= Data provided =
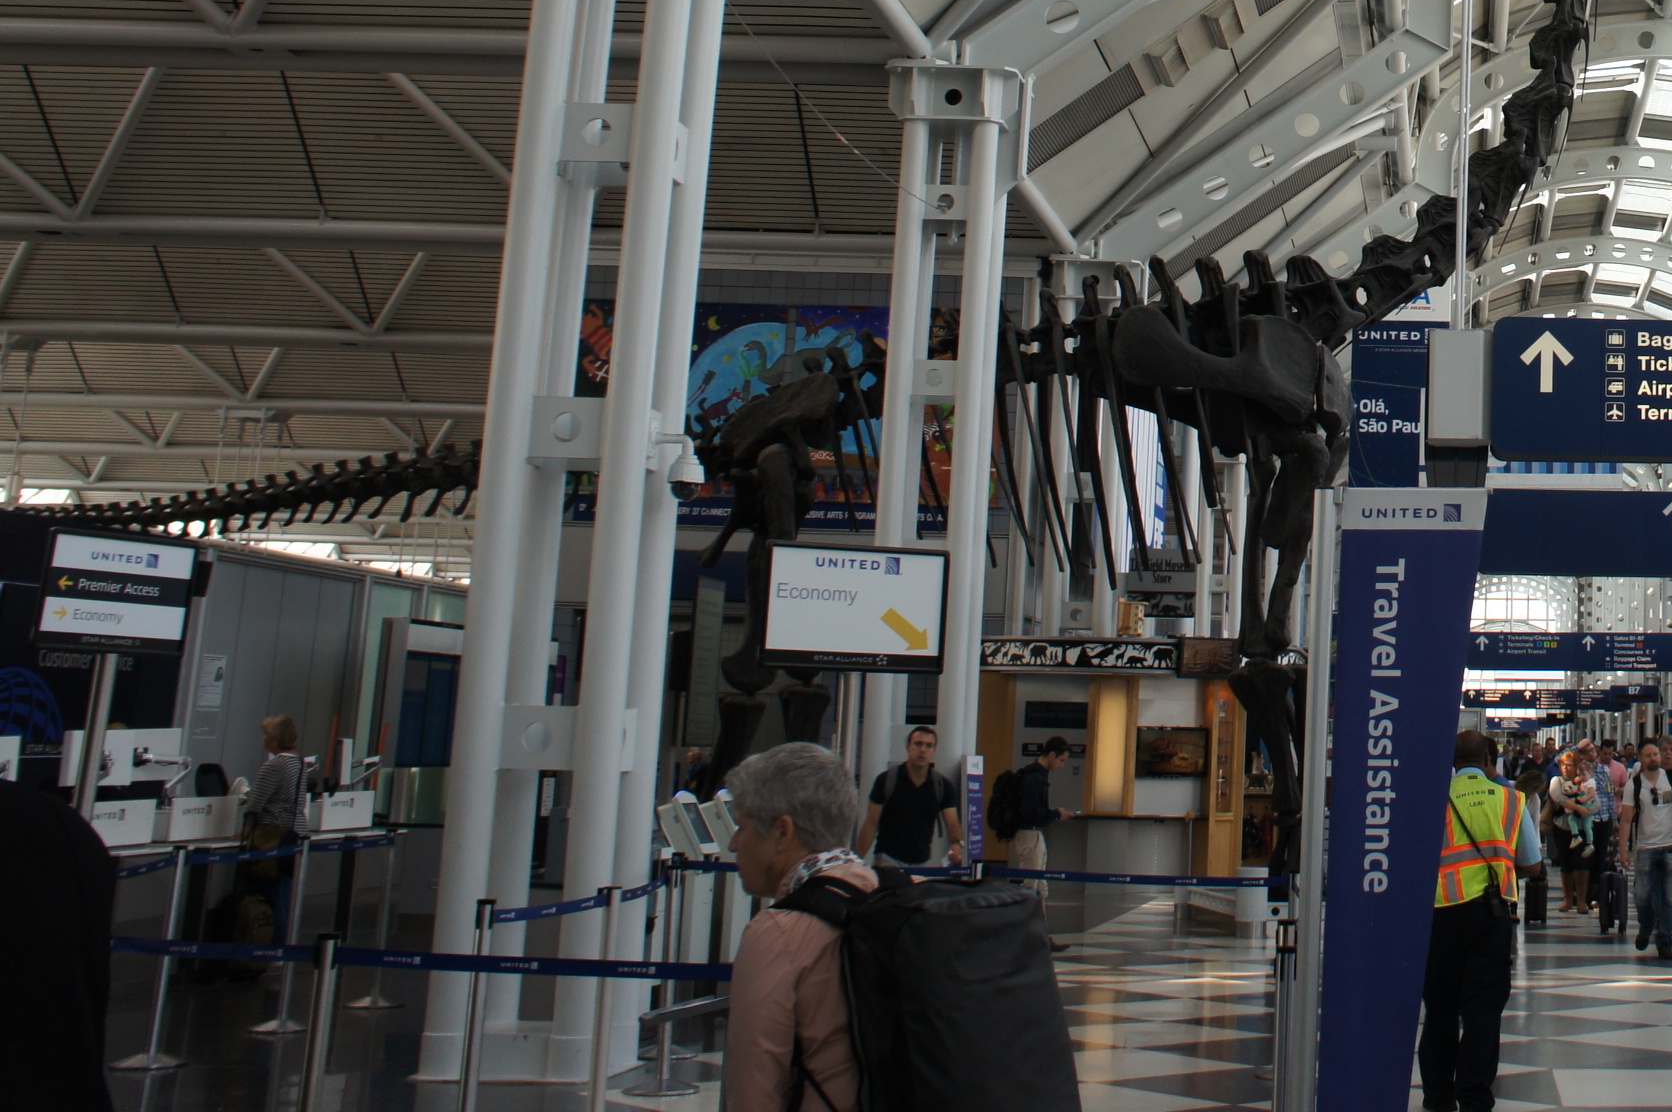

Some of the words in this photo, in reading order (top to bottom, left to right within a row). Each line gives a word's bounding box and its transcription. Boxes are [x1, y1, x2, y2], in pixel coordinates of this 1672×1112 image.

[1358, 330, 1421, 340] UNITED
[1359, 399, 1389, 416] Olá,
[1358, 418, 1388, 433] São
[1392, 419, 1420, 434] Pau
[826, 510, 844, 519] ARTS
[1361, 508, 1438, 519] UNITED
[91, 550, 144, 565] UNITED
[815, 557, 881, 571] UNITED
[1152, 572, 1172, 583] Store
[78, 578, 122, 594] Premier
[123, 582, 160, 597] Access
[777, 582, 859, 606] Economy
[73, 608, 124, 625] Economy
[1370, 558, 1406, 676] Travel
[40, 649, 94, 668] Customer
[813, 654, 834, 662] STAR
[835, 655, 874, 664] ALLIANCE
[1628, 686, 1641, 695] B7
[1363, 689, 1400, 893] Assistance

= Your assignment =
Reproduce every entry above exactly, and omit the pictures.

= Output for this task =
Some of the words in this photo, in reading order (top to bottom, left to right within a row). Each line gives a word's bounding box and its transcription. Boxes are [x1, y1, x2, y2], in pixel coordinates of this 1672×1112 image.

[1358, 330, 1421, 340] UNITED
[1359, 399, 1389, 416] Olá,
[1358, 418, 1388, 433] São
[1392, 419, 1420, 434] Pau
[826, 510, 844, 519] ARTS
[1361, 508, 1438, 519] UNITED
[91, 550, 144, 565] UNITED
[815, 557, 881, 571] UNITED
[1152, 572, 1172, 583] Store
[78, 578, 122, 594] Premier
[123, 582, 160, 597] Access
[777, 582, 859, 606] Economy
[73, 608, 124, 625] Economy
[1370, 558, 1406, 676] Travel
[40, 649, 94, 668] Customer
[813, 654, 834, 662] STAR
[835, 655, 874, 664] ALLIANCE
[1628, 686, 1641, 695] B7
[1363, 689, 1400, 893] Assistance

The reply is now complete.